Немедленно после того, как это первое условие будет выполнено, правительство переходного периода должно будет решить вопрос о восстановлении общественного контроля над природной рентой. Как я описал выше, самый разумный и эффективный, на мой взгляд, способ сделать это — создание пожизненных накопительных страховых счетов граждан, на которые сырьевые сверхдоходы должны зачисляться напрямую в равных долях. Решение этого вопроса равнозначно по своей важности решению вопроса о собственности в ходе социальной революции в России начала XX века. Однако на этот раз он должен быть решен действительно в интересах всего народа, а не только его «передового отряда». Только это обеспечит временному правительству настоящую общенародную поддержку и создаст ту политическую подушку безопасности, под защитой которой можно провести все остальные назревшие экономические и политические реформы.
Глава 11. Как добиться экономической справедливости:
национализация или честная приватизация?
Восстановление социальной справедливости в полном объеме невозможно без восстановления справедливости экономической.
Экономическая справедливость в широком смысле слова — важнейший элемент социальной справедливости. Но в более узком смысле слова она означает равенство не столько в распределении национального богатства, сколько в доступе к основным средствам его производства. То есть экономическая справедливость — это то, что уравнивает шансы людей стать богатыми.

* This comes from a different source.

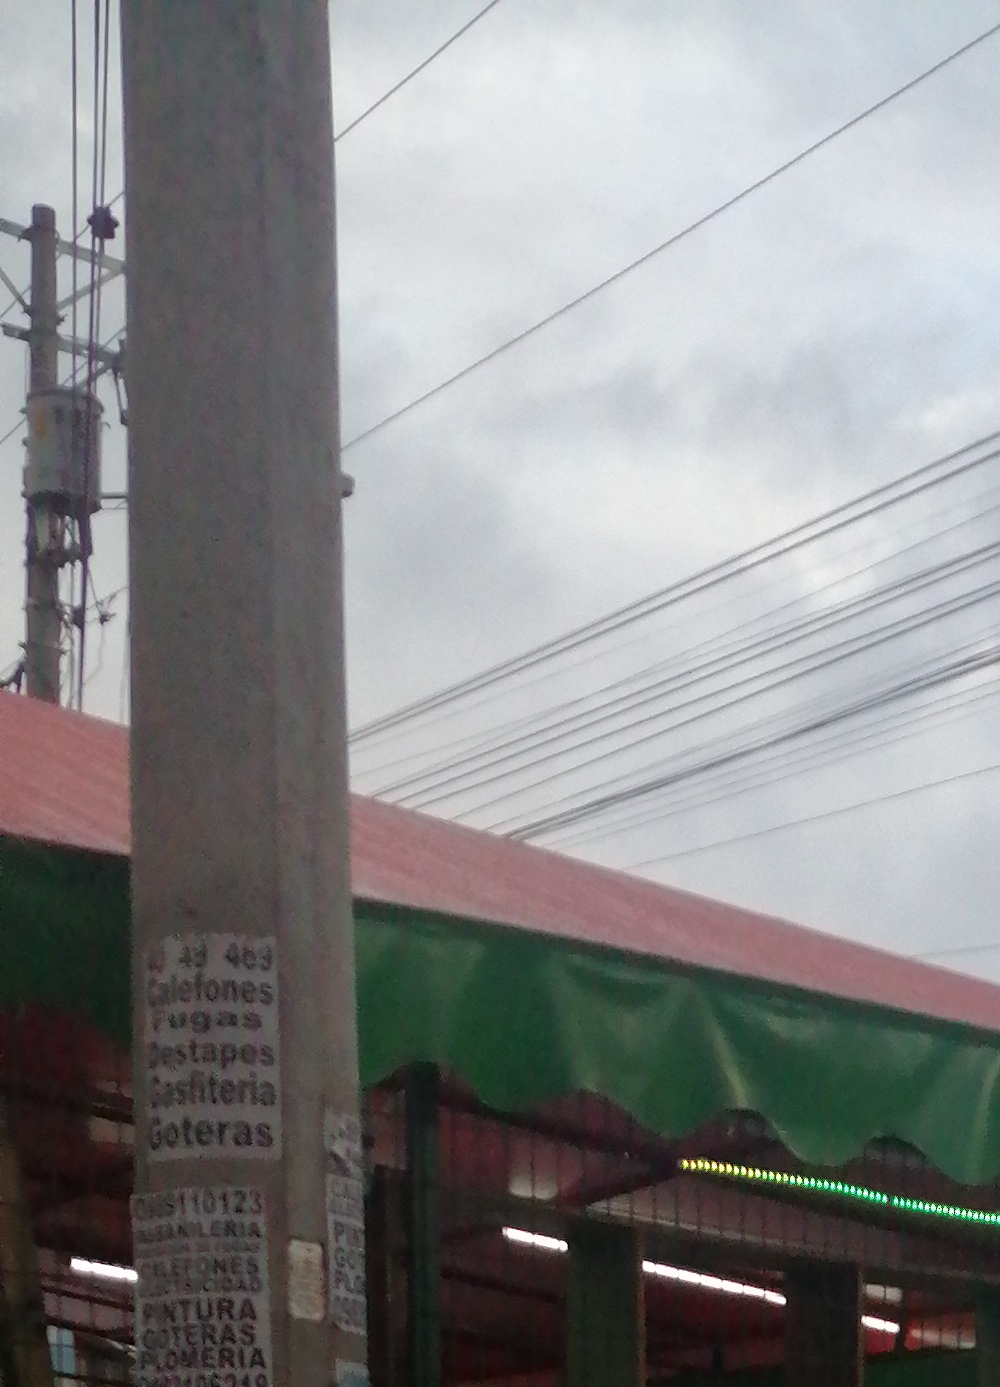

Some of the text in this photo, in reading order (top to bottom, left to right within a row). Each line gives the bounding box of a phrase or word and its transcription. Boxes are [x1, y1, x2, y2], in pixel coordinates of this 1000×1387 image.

Логика здесь простая: тот, у кого сосредоточены основные инструменты производства богатства, естественным образом получает такие мощные преимущества в их распределении, которые не могут быть компенсированы никакими последующими коррекционными мерами (налоги, субсидии и так далее).
Поэтому вопрос о собственности, то есть о том, в чьих руках и на каком основании находятся основные средства производства национального богатства, всегда имел, имеет и будет иметь самое существенное значение для общества. Его не удастся проигнорировать ни одному правительству, пришедшему на смену путинскому режиму.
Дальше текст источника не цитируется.